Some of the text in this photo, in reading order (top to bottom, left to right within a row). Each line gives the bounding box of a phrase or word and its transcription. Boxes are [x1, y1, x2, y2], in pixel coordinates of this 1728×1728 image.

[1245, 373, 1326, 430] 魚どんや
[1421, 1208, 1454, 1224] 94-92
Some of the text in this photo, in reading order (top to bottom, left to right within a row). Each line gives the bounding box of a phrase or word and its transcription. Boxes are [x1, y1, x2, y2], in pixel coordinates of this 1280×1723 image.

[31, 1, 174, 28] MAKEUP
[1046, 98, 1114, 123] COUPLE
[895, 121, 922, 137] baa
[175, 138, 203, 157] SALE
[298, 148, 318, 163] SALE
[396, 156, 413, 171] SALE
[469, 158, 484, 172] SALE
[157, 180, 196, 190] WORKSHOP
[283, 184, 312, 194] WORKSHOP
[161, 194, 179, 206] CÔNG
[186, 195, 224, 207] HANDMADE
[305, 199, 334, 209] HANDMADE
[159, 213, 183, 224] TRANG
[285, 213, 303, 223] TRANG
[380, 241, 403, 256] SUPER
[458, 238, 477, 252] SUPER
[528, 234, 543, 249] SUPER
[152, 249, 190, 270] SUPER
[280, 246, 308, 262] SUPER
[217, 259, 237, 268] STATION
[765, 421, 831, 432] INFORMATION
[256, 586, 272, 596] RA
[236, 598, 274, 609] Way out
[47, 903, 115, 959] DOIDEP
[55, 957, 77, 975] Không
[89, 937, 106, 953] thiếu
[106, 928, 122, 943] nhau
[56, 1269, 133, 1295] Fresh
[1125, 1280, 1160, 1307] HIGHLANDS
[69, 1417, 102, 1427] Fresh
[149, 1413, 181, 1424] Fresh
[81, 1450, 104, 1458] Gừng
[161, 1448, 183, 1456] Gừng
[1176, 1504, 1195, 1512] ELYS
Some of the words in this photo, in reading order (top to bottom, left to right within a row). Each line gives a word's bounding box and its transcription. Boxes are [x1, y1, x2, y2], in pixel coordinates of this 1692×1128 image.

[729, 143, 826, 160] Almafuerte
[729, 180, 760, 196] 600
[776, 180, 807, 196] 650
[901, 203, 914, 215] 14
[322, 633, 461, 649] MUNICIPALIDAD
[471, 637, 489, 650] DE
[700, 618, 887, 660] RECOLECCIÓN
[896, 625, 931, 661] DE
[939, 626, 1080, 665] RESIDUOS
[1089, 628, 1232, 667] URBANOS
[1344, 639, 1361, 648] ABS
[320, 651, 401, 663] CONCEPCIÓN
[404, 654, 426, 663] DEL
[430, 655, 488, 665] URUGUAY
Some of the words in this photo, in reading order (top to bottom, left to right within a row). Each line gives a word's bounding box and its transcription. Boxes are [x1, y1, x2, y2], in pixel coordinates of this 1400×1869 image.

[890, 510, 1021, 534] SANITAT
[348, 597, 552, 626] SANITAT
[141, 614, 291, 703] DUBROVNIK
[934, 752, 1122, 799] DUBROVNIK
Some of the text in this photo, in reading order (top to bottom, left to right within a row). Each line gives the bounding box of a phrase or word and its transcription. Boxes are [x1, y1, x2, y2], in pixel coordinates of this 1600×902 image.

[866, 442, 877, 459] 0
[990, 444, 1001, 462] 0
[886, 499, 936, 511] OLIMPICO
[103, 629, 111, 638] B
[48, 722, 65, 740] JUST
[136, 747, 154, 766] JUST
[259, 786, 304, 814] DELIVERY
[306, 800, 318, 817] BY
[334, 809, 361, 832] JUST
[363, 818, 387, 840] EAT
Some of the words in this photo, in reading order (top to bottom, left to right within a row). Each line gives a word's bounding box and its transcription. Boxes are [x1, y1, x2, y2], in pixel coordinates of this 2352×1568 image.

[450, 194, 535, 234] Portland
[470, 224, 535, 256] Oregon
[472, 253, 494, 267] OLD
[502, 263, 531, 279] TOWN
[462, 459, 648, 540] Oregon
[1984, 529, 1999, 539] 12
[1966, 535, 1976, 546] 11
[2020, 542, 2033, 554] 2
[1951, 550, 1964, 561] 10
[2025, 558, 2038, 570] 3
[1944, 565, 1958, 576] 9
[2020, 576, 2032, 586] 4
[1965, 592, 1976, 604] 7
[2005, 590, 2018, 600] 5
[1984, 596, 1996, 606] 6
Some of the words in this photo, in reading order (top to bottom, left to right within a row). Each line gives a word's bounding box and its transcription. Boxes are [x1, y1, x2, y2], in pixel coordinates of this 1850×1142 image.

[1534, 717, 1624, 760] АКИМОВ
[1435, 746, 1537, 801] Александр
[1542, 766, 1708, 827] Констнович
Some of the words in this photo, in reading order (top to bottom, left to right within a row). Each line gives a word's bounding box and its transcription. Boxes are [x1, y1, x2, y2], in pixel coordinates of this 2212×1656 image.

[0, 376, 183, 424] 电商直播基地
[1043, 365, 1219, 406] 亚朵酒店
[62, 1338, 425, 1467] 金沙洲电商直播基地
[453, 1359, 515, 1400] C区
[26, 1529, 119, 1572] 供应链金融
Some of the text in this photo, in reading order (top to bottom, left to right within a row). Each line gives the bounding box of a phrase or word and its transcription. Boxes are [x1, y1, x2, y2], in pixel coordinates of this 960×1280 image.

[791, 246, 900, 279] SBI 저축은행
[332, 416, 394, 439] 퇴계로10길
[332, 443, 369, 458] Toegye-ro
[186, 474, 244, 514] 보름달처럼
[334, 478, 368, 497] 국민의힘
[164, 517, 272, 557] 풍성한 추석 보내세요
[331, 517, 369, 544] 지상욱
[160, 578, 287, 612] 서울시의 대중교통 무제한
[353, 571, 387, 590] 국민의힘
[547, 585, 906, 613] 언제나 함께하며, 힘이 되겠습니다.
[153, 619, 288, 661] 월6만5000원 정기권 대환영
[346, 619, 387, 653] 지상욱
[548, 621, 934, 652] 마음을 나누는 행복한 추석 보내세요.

__________

Work order: What is needed is a verbatim copy of the data, complete from first line to last.

Answer to this exercise:
Some of the text in this photo, in reading order (top to bottom, left to right within a row). Each line gives the bounding box of a phrase or word and its transcription. Boxes are [x1, y1, x2, y2], in pixel coordinates of this 1728×1728 image.

[1245, 373, 1326, 430] 魚どんや
[1421, 1208, 1454, 1224] 94-92
Some of the text in this photo, in reading order (top to bottom, left to right within a row). Each line gives the bounding box of a phrase or word and its transcription. Boxes are [x1, y1, x2, y2], in pixel coordinates of this 1280×1723 image.

[31, 1, 174, 28] MAKEUP
[1046, 98, 1114, 123] COUPLE
[895, 121, 922, 137] baa
[175, 138, 203, 157] SALE
[298, 148, 318, 163] SALE
[396, 156, 413, 171] SALE
[469, 158, 484, 172] SALE
[157, 180, 196, 190] WORKSHOP
[283, 184, 312, 194] WORKSHOP
[161, 194, 179, 206] CÔNG
[186, 195, 224, 207] HANDMADE
[305, 199, 334, 209] HANDMADE
[159, 213, 183, 224] TRANG
[285, 213, 303, 223] TRANG
[380, 241, 403, 256] SUPER
[458, 238, 477, 252] SUPER
[528, 234, 543, 249] SUPER
[152, 249, 190, 270] SUPER
[280, 246, 308, 262] SUPER
[217, 259, 237, 268] STATION
[765, 421, 831, 432] INFORMATION
[256, 586, 272, 596] RA
[236, 598, 274, 609] Way out
[47, 903, 115, 959] DOIDEP
[55, 957, 77, 975] Không
[89, 937, 106, 953] thiếu
[106, 928, 122, 943] nhau
[56, 1269, 133, 1295] Fresh
[1125, 1280, 1160, 1307] HIGHLANDS
[69, 1417, 102, 1427] Fresh
[149, 1413, 181, 1424] Fresh
[81, 1450, 104, 1458] Gừng
[161, 1448, 183, 1456] Gừng
[1176, 1504, 1195, 1512] ELYS
Some of the words in this photo, in reading order (top to bottom, left to right within a row). Each line gives a word's bounding box and its transcription. Boxes are [x1, y1, x2, y2], in pixel coordinates of this 1692×1128 image.

[729, 143, 826, 160] Almafuerte
[729, 180, 760, 196] 600
[776, 180, 807, 196] 650
[901, 203, 914, 215] 14
[322, 633, 461, 649] MUNICIPALIDAD
[471, 637, 489, 650] DE
[700, 618, 887, 660] RECOLECCIÓN
[896, 625, 931, 661] DE
[939, 626, 1080, 665] RESIDUOS
[1089, 628, 1232, 667] URBANOS
[1344, 639, 1361, 648] ABS
[320, 651, 401, 663] CONCEPCIÓN
[404, 654, 426, 663] DEL
[430, 655, 488, 665] URUGUAY
Some of the words in this photo, in reading order (top to bottom, left to right within a row). Each line gives a word's bounding box and its transcription. Boxes are [x1, y1, x2, y2], in pixel coordinates of this 1400×1869 image.

[890, 510, 1021, 534] SANITAT
[348, 597, 552, 626] SANITAT
[141, 614, 291, 703] DUBROVNIK
[934, 752, 1122, 799] DUBROVNIK
Some of the text in this photo, in reading order (top to bottom, left to right within a row). Each line gives the bounding box of a phrase or word and its transcription. Boxes are [x1, y1, x2, y2], in pixel coordinates of this 1600×902 image.

[866, 442, 877, 459] 0
[990, 444, 1001, 462] 0
[886, 499, 936, 511] OLIMPICO
[103, 629, 111, 638] B
[48, 722, 65, 740] JUST
[136, 747, 154, 766] JUST
[259, 786, 304, 814] DELIVERY
[306, 800, 318, 817] BY
[334, 809, 361, 832] JUST
[363, 818, 387, 840] EAT
Some of the words in this photo, in reading order (top to bottom, left to right within a row). Each line gives a word's bounding box and its transcription. Boxes are [x1, y1, x2, y2], in pixel coordinates of this 2352×1568 image.

[450, 194, 535, 234] Portland
[470, 224, 535, 256] Oregon
[472, 253, 494, 267] OLD
[502, 263, 531, 279] TOWN
[462, 459, 648, 540] Oregon
[1984, 529, 1999, 539] 12
[1966, 535, 1976, 546] 11
[2020, 542, 2033, 554] 2
[1951, 550, 1964, 561] 10
[2025, 558, 2038, 570] 3
[1944, 565, 1958, 576] 9
[2020, 576, 2032, 586] 4
[1965, 592, 1976, 604] 7
[2005, 590, 2018, 600] 5
[1984, 596, 1996, 606] 6
Some of the words in this photo, in reading order (top to bottom, left to right within a row). Each line gives a word's bounding box and its transcription. Boxes are [x1, y1, x2, y2], in pixel coordinates of this 1850×1142 image.

[1534, 717, 1624, 760] АКИМОВ
[1435, 746, 1537, 801] Александр
[1542, 766, 1708, 827] Констнович
Some of the words in this photo, in reading order (top to bottom, left to right within a row). Each line gives a word's bounding box and its transcription. Boxes are [x1, y1, x2, y2], in pixel coordinates of this 2212×1656 image.

[0, 376, 183, 424] 电商直播基地
[1043, 365, 1219, 406] 亚朵酒店
[62, 1338, 425, 1467] 金沙洲电商直播基地
[453, 1359, 515, 1400] C区
[26, 1529, 119, 1572] 供应链金融
Some of the text in this photo, in reading order (top to bottom, left to right within a row). Each line gives the bounding box of a phrase or word and its transcription. Boxes are [x1, y1, x2, y2], in pixel coordinates of this 960×1280 image.

[791, 246, 900, 279] SBI 저축은행
[332, 416, 394, 439] 퇴계로10길
[332, 443, 369, 458] Toegye-ro
[186, 474, 244, 514] 보름달처럼
[334, 478, 368, 497] 국민의힘
[164, 517, 272, 557] 풍성한 추석 보내세요
[331, 517, 369, 544] 지상욱
[160, 578, 287, 612] 서울시의 대중교통 무제한
[353, 571, 387, 590] 국민의힘
[547, 585, 906, 613] 언제나 함께하며, 힘이 되겠습니다.
[153, 619, 288, 661] 월6만5000원 정기권 대환영
[346, 619, 387, 653] 지상욱
[548, 621, 934, 652] 마음을 나누는 행복한 추석 보내세요.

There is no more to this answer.